Dirt roads are using the very same mechanism as normal roads, in fact the only difference is that road nodes here contain a different road type identifier. That is used to look up the corresponding road profile in shaders that generate the roads, and it determines other things as well - the pavement and border materials, for example.

Road profile specifies "exactness" values across the road width, in range from 0 to 1. Normal roads have value 1 across the whole road width, meaning that the elevation given by the road spline interpolation is exact and the resulting surface will be smooth and level. Values less than 1 will cause that the computed surface elevation is blended with the actual underlying terrain elevation with given blending coefficient. Additionally, the less exact the road surface elevation is, the more it is randomized by fractal to make it rougher.



The roughness created by the fractal noise can vary with the road type. The depth of the furrows can be determined by setting road surface under the terrain by a specific amount, and it can change node by node. On the sample road above it creates deeper or shallower parts. Or even a ridge when the way points are not set densely enough to follow the terrain accurately.

Here is a road that was created from way points lying 0.4m (on average) below the terrain surface with high roughness:




Another one that was put only slightly under the terrain and the roughness is low:



Lastly, few screen shots how it all looks in the terrain.

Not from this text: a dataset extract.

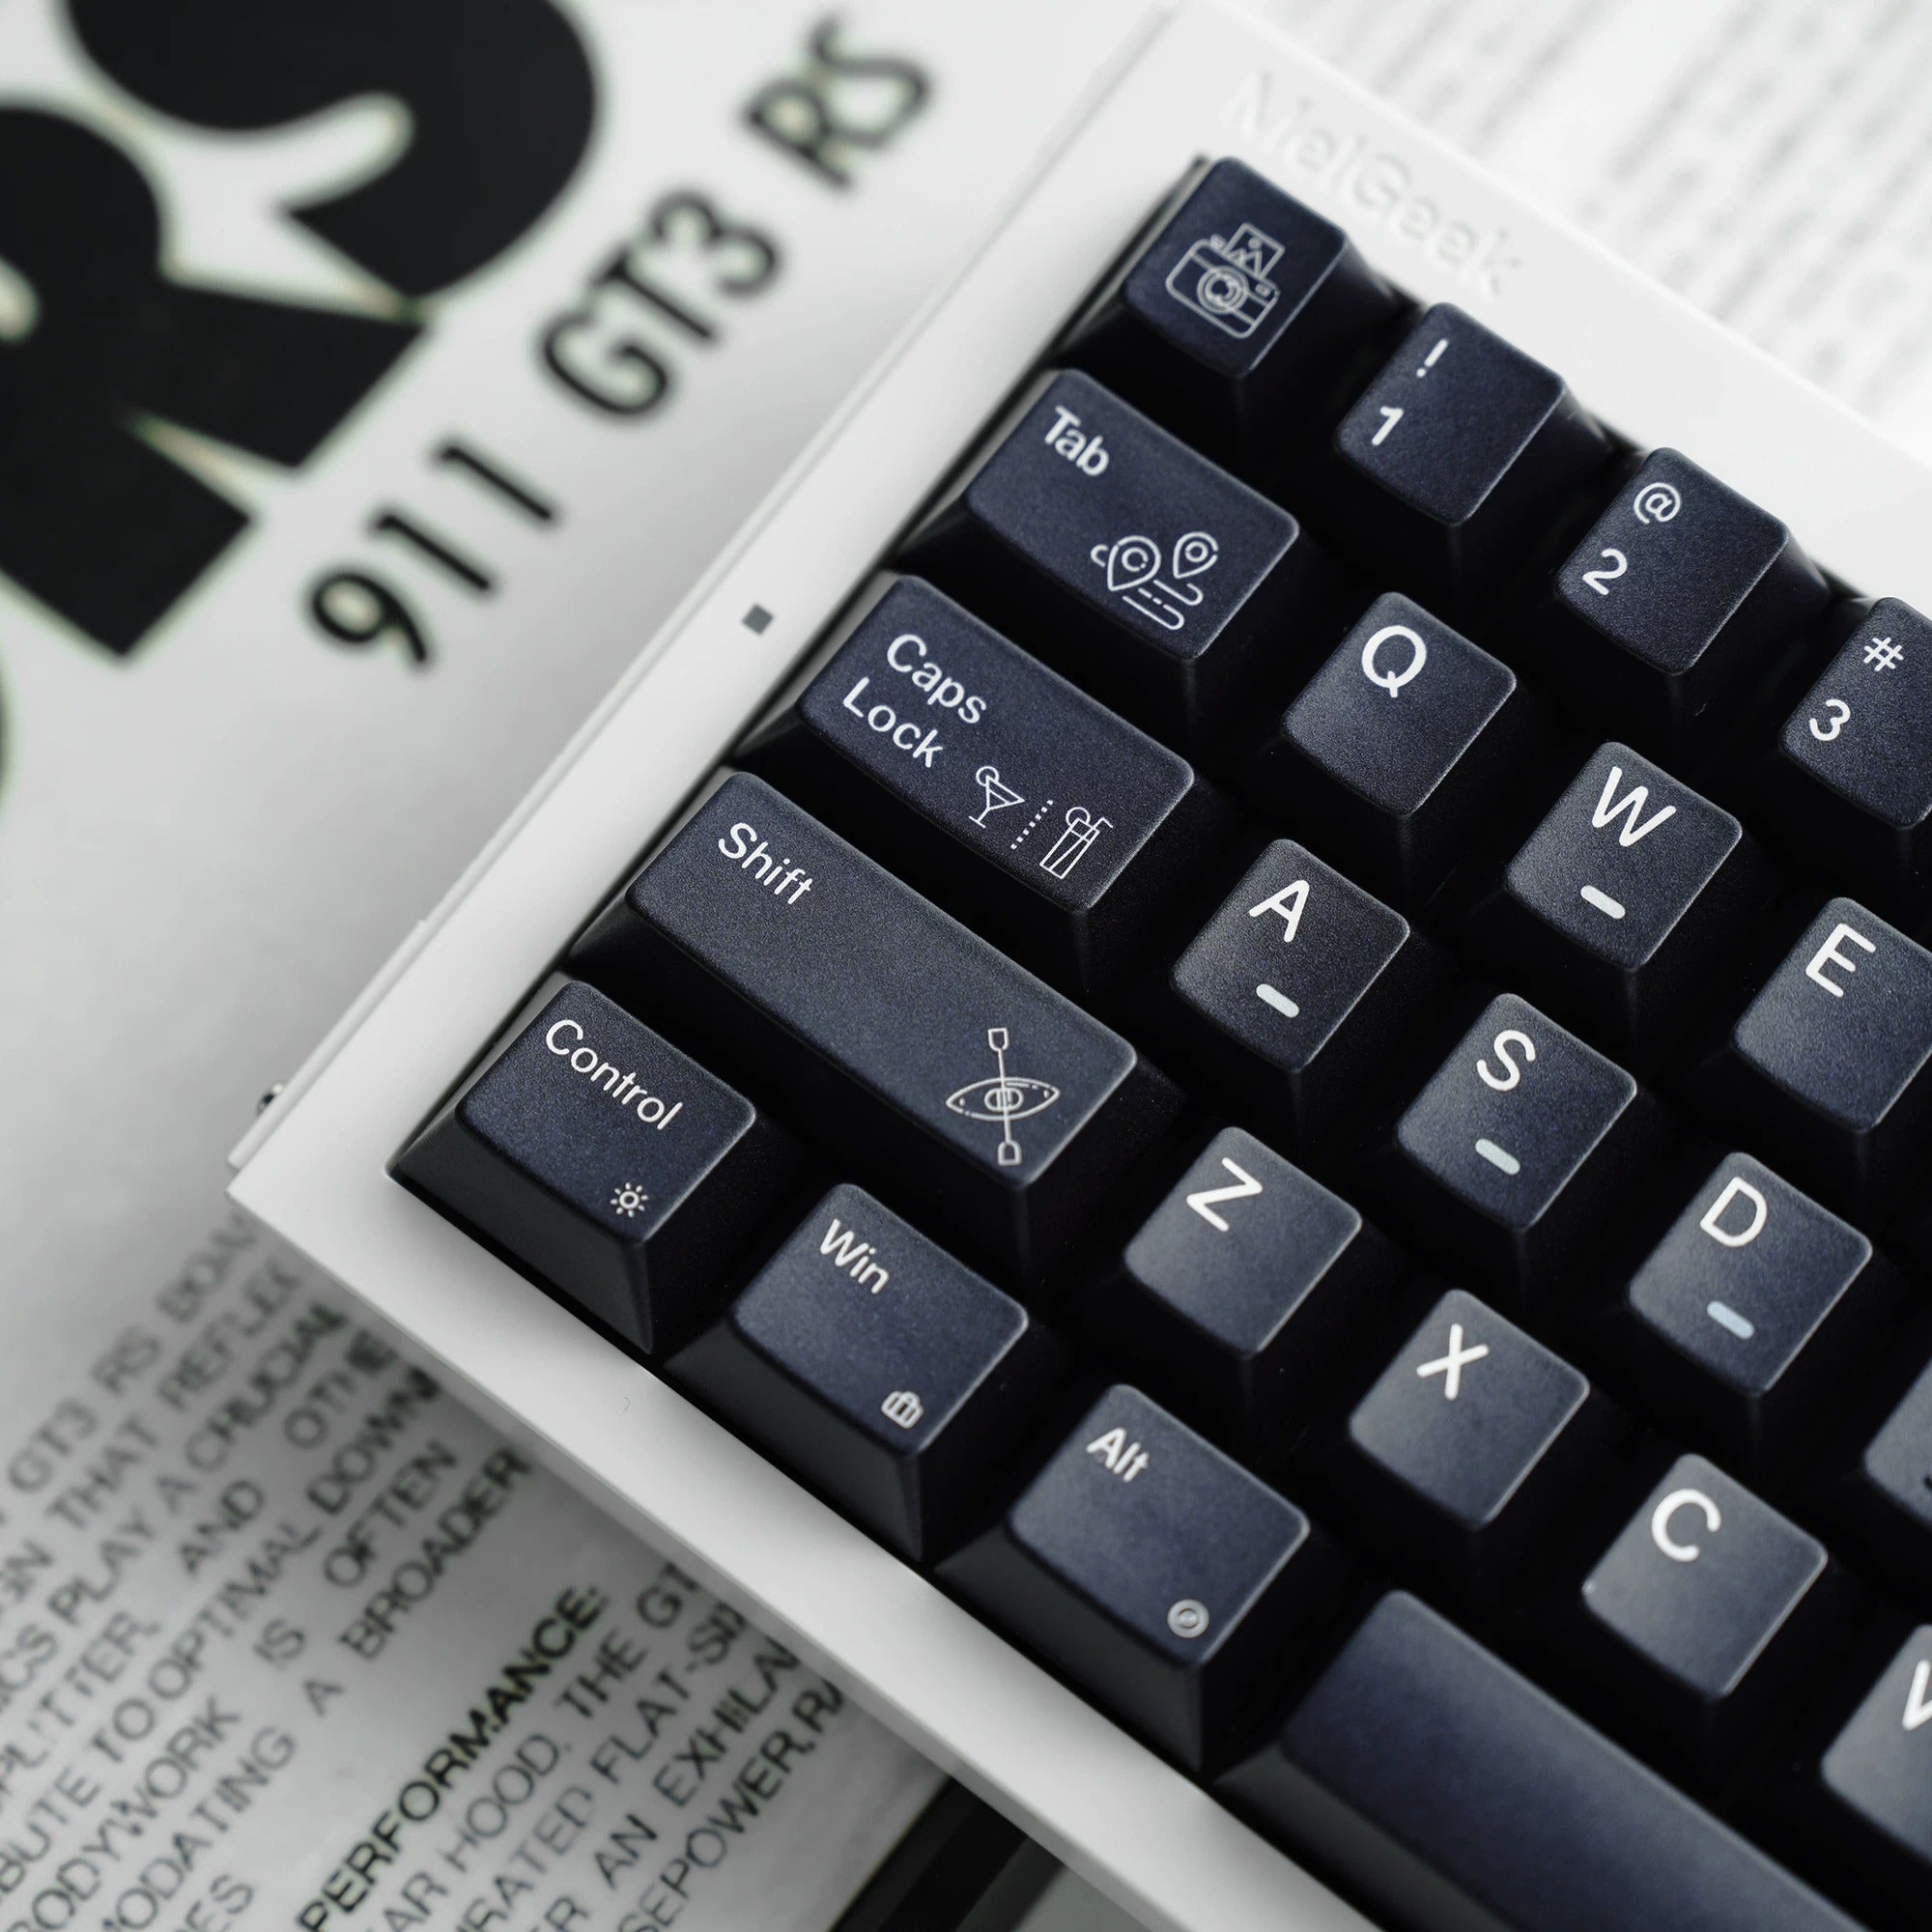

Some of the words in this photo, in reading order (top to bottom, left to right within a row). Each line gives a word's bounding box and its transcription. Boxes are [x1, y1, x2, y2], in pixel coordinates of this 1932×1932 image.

In order to utilize the generated detail we also set a finer level to be used for vehicle physics. In the previous
">video with Tatra truck the resolution for physics was around 1.2m, and it was quite visible. In the following video the resolution for physics is around 0.15m, 8 times better. The wheels are simulated as simple ray casts so it may be occasionally visible. Also, Angrypig toyed with the suspension and I left it in for the video; Tatra truck now sways way too much, but at least it serves to show the response to the terrain shape.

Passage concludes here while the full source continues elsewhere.